One of the defining features of RESTful services is that they are stateless, meaning that a client’s state is not kept on the server. This allows each request to be treated independently and the Web services do not need to maintain the previous interactions from clients. Statelessness necessitates that each request from a client to a server to contain all of the information necessary to understand the request.

Oracle Core Commerce passes state data to the client in the HTTP response and requires the client to pass the state data back to the server on the next request. There are two main components that pass data during a session.

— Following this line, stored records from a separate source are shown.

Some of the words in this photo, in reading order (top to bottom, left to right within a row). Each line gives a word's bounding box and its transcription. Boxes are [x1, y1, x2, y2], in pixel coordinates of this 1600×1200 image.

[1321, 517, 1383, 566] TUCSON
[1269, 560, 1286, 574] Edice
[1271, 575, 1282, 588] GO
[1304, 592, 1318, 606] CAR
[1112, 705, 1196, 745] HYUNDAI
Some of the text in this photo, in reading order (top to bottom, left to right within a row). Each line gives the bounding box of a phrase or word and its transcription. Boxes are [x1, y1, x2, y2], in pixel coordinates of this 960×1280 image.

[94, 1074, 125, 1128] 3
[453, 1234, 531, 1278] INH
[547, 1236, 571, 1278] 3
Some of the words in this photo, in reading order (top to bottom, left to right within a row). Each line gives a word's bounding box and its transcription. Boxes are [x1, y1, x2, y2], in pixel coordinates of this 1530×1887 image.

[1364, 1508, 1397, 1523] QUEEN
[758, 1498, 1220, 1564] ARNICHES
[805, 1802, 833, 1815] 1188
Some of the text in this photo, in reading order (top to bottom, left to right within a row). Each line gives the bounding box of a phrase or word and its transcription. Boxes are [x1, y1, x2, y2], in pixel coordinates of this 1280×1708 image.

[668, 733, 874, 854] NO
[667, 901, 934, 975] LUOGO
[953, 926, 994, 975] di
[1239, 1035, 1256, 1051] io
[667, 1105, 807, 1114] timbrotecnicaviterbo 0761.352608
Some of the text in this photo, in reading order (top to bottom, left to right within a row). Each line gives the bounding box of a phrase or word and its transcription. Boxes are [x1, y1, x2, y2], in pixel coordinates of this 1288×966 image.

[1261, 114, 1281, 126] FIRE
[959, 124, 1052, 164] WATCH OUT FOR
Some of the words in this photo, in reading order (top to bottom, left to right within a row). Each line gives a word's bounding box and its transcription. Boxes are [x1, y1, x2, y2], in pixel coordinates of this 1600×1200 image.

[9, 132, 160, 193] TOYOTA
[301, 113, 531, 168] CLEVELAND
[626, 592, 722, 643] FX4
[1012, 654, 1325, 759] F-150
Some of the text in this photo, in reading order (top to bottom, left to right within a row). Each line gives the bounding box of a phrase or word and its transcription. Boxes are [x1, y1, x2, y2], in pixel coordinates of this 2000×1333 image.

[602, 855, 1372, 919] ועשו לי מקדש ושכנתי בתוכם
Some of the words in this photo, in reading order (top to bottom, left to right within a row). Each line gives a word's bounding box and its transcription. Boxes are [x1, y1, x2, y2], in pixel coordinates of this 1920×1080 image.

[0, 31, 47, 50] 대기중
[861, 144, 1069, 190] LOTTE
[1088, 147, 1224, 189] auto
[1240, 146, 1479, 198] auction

By default, the framework is configured to be stateful. However, the framework contains a stateless configuration layer. When a server runs with this layer, both the session and the window scope are remapped to a request scope, indicating that the server is no longer storing state across the session. You can pass session state data to a client as part of a response header and body. You can also allow the client to pass that data back in with a request and have it transformed back into state information available for that request. The public/v1 API provides support for passing the profile and cart state information back and forth to the client. The profile data is passed using headers. The cart can grow to be very large, and is therefore passed as extra data in the response body.

Note: When configuring statelessness, your environment should not contain any shareable types. For information on shareable types, refer to the Multisite Administration Guide.

Important: When working with stateless environments, the best performance can be obtained by routing all service requests from a session to the same server, ensuring session affinity. Additionally, data volume for service calls and responses increases when your environment is set to use statelessness. As such, it is best to increase the available network bandwidth with the understanding that your performance results may differ depending on the configuration of your environment.